Our analyses indicated that Swiss isolates of this important fungal species harbor more within-isolate polymorphism than that expected from the two existing whole-genome sequence studies on isolate DAOM 197198, but much less than that suggested by Boon et al. (2015). Although genetic polymorphism among and within isolates may appear small compared with other species (for example, Rhizoctonia solani AG8 (Hane et al., 2014), Puccinia striiformis f. sp tritici (Cantu et al., 2013)), such levels of variation are still of biological interest. The 1000 human genome project revealed that only 1 SNP/kb occurs among 1000 individuals coming from 14 ethnically different populations (1000 Genomes Project Consortium, 2012), and yet the phenotypic differences are considerable. In R. irregularis, sibling isolates with potentially small differences in within-isolate SNP densities had different phenotypes and strongly altered gene expression and growth in rice, the most globally important food plant (Angelard et al., 2010; Angelard and Sanders, 2011; Colard et al., 2011).

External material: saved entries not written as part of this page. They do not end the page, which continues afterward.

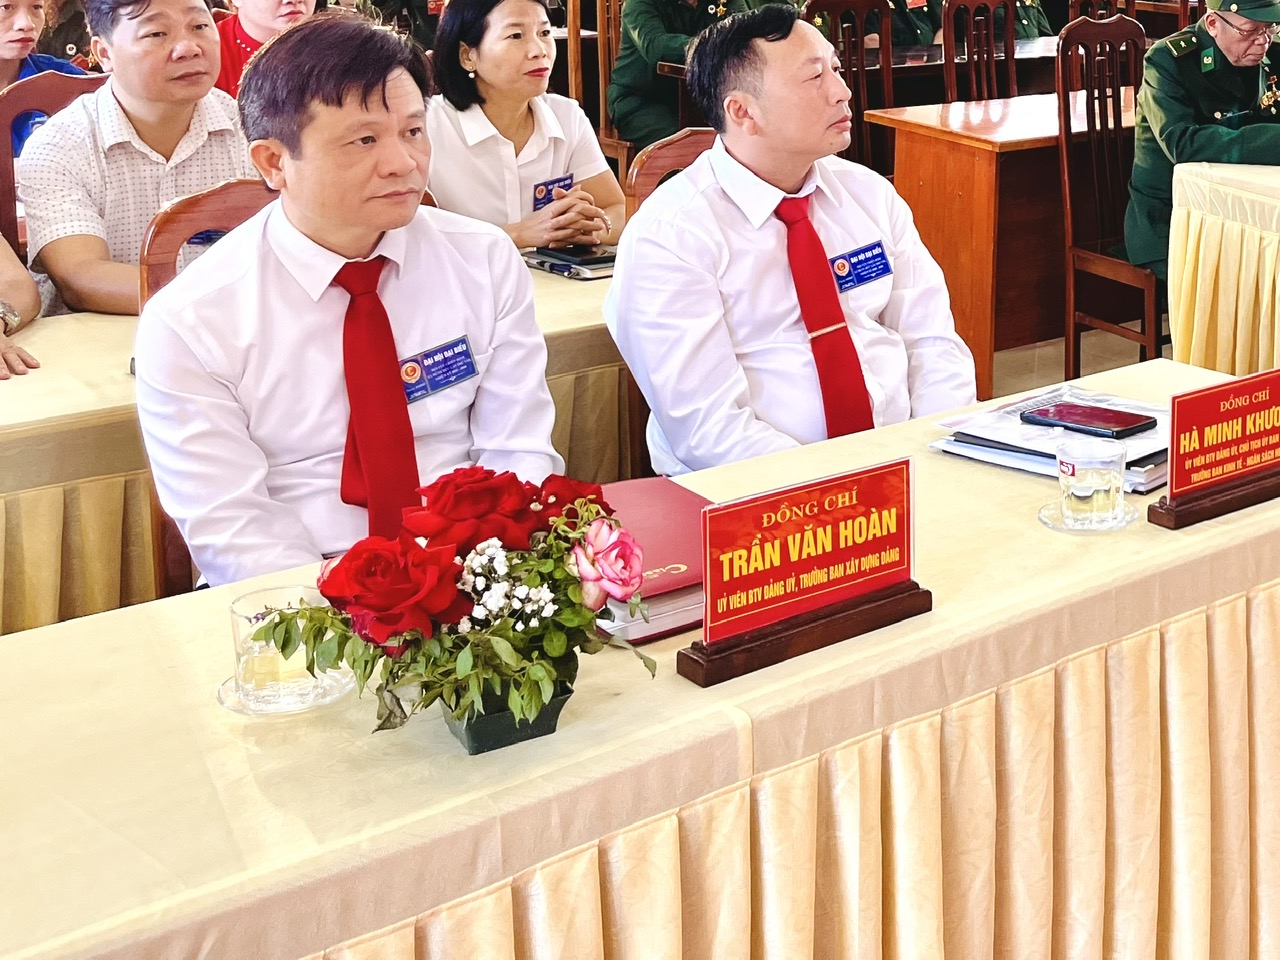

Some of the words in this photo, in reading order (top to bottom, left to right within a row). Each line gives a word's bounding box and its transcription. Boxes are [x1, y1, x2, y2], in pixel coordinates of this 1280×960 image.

[1220, 394, 1250, 412] ĐỒNG
[1252, 386, 1270, 403] CHÍ
[1180, 426, 1200, 454] HÀ
[1204, 417, 1242, 447] MINH
[762, 501, 818, 528] ĐỒNG
[823, 486, 858, 512] CHÍ
[720, 534, 781, 581] TRẦN
[788, 524, 832, 563] VĂN
[839, 507, 897, 548] HOÀN
[729, 590, 747, 610] VIÊN
[748, 588, 762, 605] BTV
[764, 578, 785, 600] ĐẢNG
[829, 565, 844, 580] BAN
[846, 556, 859, 576] XÂY
[860, 552, 880, 573] DỰNG
[881, 546, 900, 566] ĐẢNG

For this reason, genetic polymorphism in R. irregularis isolates should not be ignored, as it could be ecologically a very important determinant of plant growth. Generation of genome assemblies from other isolates is now essential to determine the exact cause of genetic diversity in Rhizophagus irregularis. Characterization and use of genetic polymorphism opens the way for more efficient AM fungi particularly suited to globally important crops (Angelard et al., 2010; Ceballos et al., 2013).